About this exercise: The records below must be reproduced exactly, excluding any pictures.

Available records:
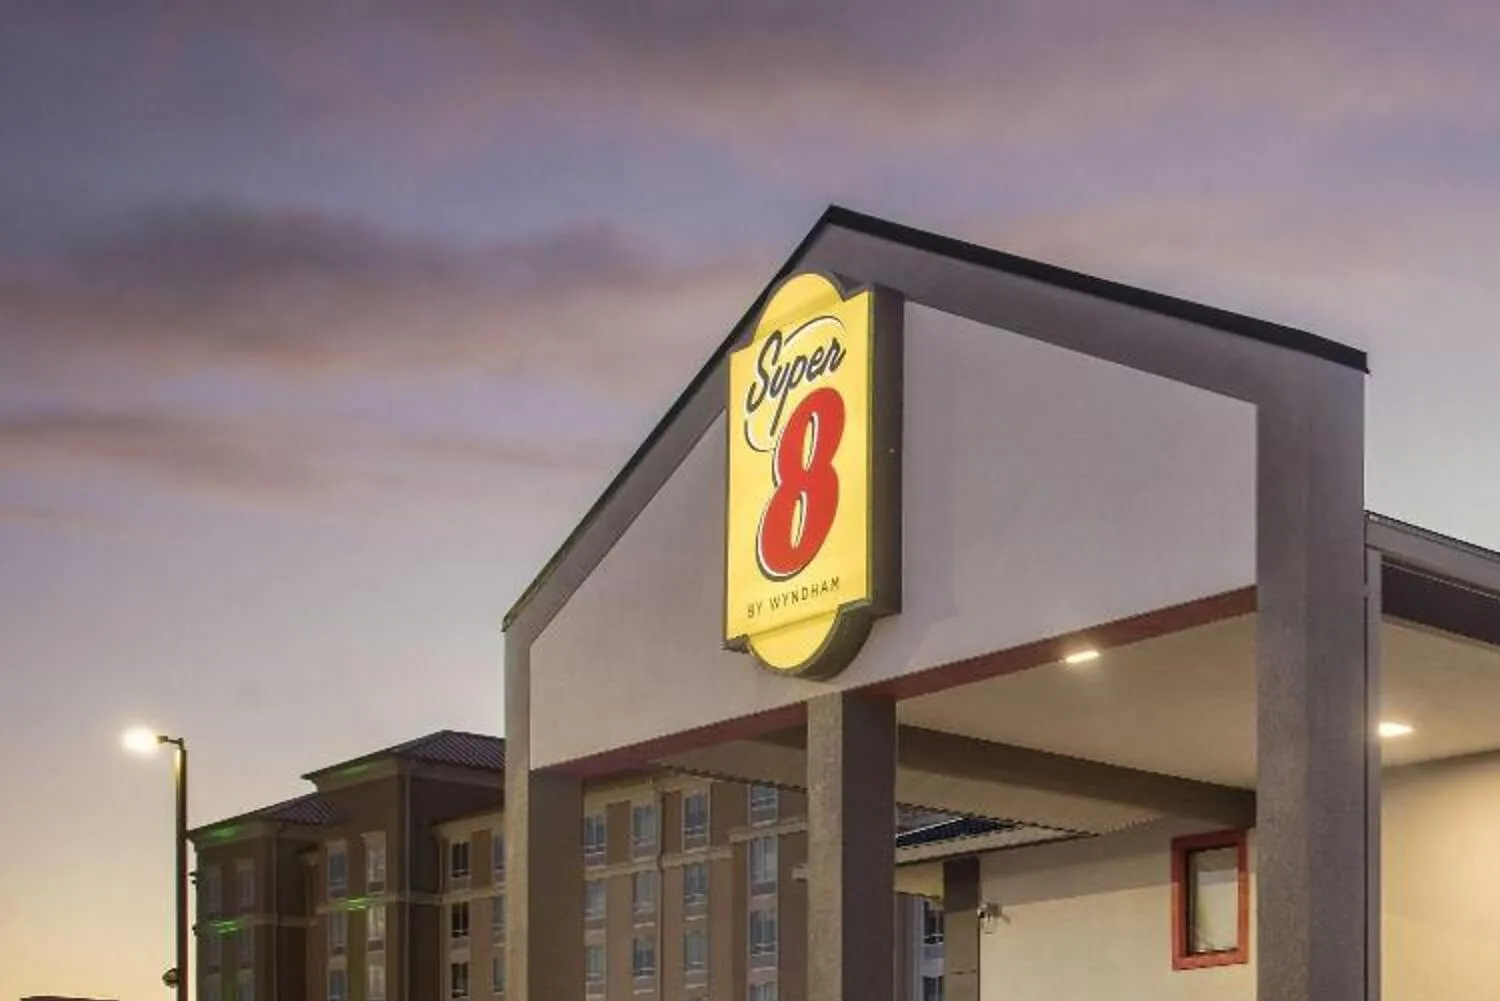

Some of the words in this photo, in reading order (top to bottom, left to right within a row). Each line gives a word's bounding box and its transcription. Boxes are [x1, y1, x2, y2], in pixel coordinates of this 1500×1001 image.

[746, 331, 846, 437] Super
[756, 387, 845, 582] 8
[747, 601, 763, 619] BY
[770, 575, 840, 612] WYNDHAM

Solution to the exercise:
Some of the words in this photo, in reading order (top to bottom, left to right within a row). Each line gives a word's bounding box and its transcription. Boxes are [x1, y1, x2, y2], in pixel coordinates of this 1500×1001 image.

[746, 331, 846, 437] Super
[756, 387, 845, 582] 8
[747, 601, 763, 619] BY
[770, 575, 840, 612] WYNDHAM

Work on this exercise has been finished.